▶ **What you should do**
Down to the final line, write out the material beneath exactly, without pictures.

▶ **Given data**

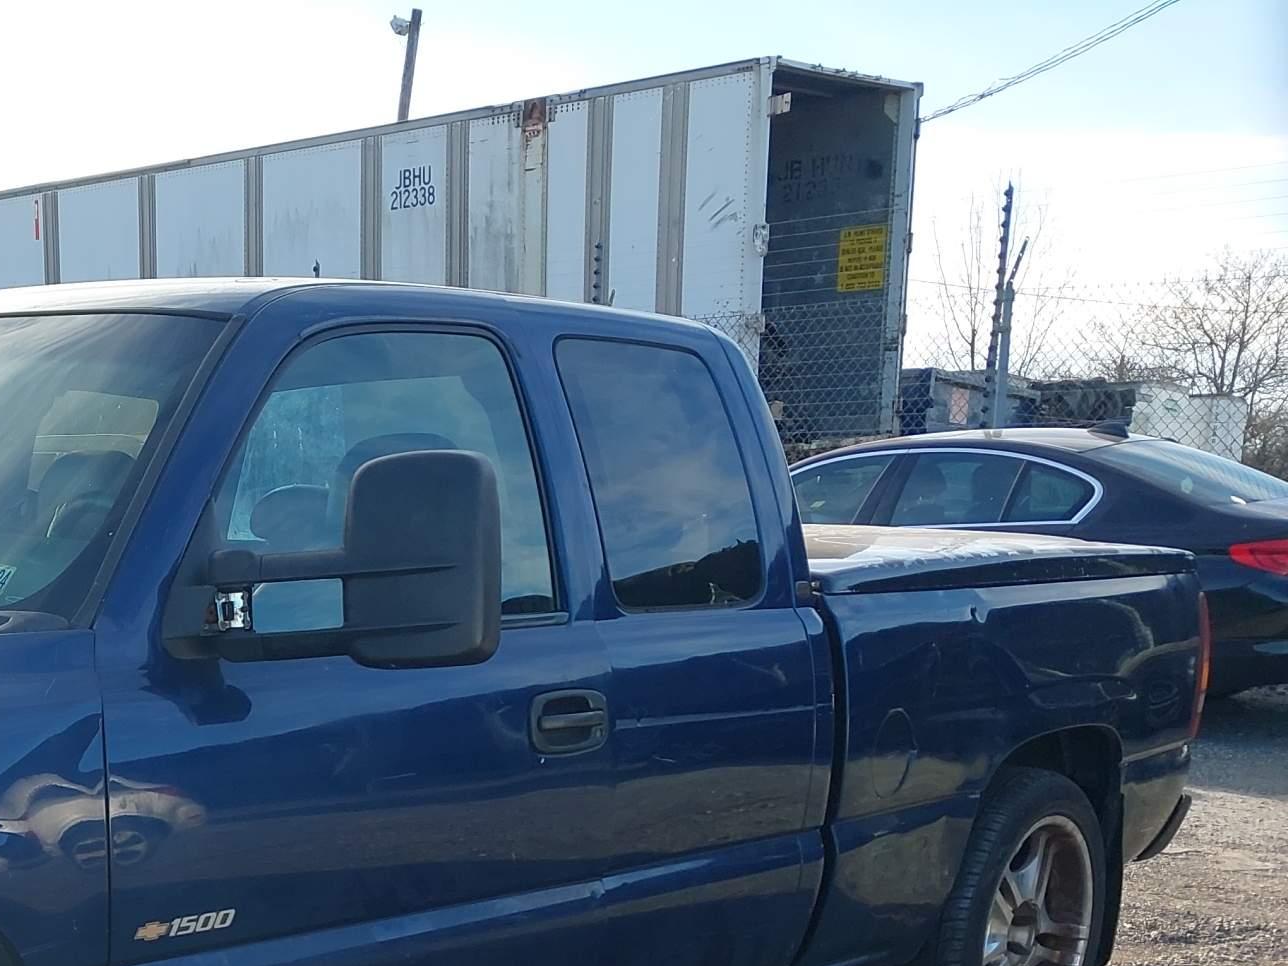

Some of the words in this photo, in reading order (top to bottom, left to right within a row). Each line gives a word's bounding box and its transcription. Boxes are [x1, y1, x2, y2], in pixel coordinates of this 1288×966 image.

[395, 165, 432, 190] JBHU
[390, 185, 436, 211] 212338
[169, 908, 236, 937] 1500
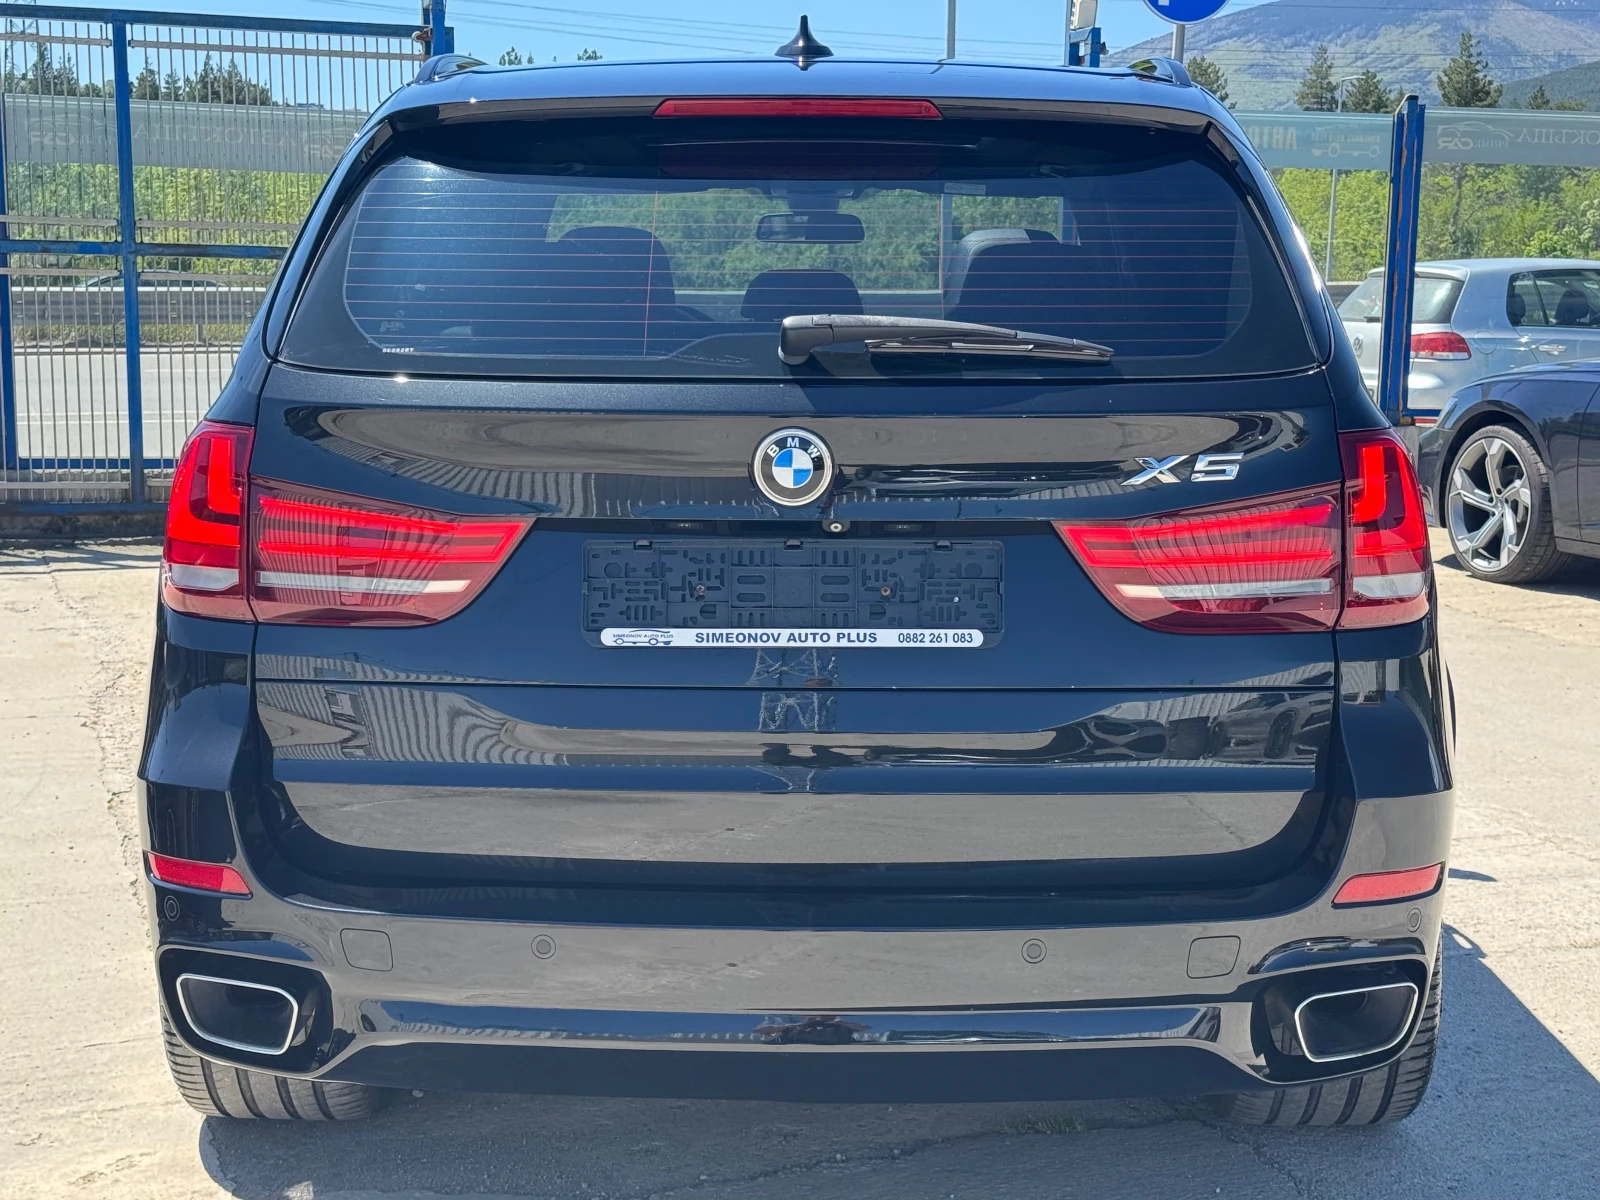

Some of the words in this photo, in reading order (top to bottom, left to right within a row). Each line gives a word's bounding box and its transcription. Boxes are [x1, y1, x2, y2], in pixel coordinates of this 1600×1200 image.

[767, 437, 820, 459] BMW
[1120, 452, 1244, 486] X5
[694, 632, 782, 644] SIMEONOV
[786, 632, 831, 644] AUTO
[836, 632, 878, 644] PLUS
[898, 632, 926, 644] 0882
[929, 632, 949, 644] 261
[952, 632, 974, 644] 083
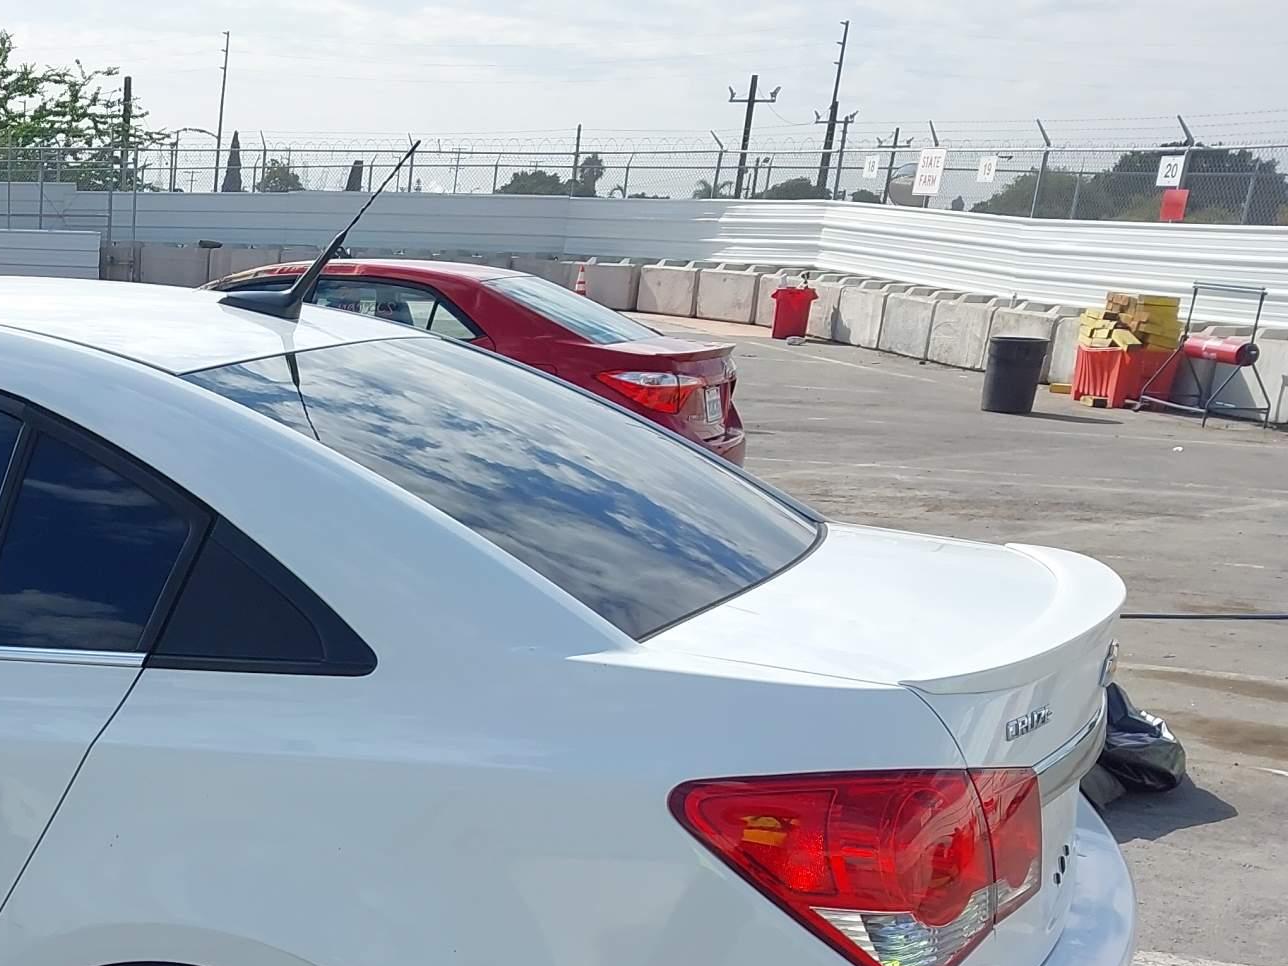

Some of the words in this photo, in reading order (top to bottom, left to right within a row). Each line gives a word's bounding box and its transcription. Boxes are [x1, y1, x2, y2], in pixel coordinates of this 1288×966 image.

[921, 156, 942, 168] STATE
[982, 161, 992, 176] 19
[1163, 163, 1178, 178] 20
[918, 175, 937, 187] FARM

▶ **Task output**
Some of the words in this photo, in reading order (top to bottom, left to right within a row). Each line gives a word's bounding box and its transcription. Boxes are [x1, y1, x2, y2], in pixel coordinates of this 1288×966 image.

[395, 165, 432, 190] JBHU
[390, 185, 436, 211] 212338
[169, 908, 236, 937] 1500

Some of the words in this photo, in reading order (top to bottom, left to right within a row). Each line gives a word's bounding box and its transcription. Boxes are [x1, y1, x2, y2], in pixel coordinates of this 1600×1200 image.

[767, 437, 820, 459] BMW
[1120, 452, 1244, 486] X5
[694, 632, 782, 644] SIMEONOV
[786, 632, 831, 644] AUTO
[836, 632, 878, 644] PLUS
[898, 632, 926, 644] 0882
[929, 632, 949, 644] 261
[952, 632, 974, 644] 083

Some of the words in this photo, in reading order (top to bottom, left to right within a row). Each line gives a word's bounding box and its transcription. Boxes are [x1, y1, x2, y2], in pixel coordinates of this 1288×966 image.

[921, 156, 942, 168] STATE
[982, 161, 992, 176] 19
[1163, 163, 1178, 178] 20
[918, 175, 937, 187] FARM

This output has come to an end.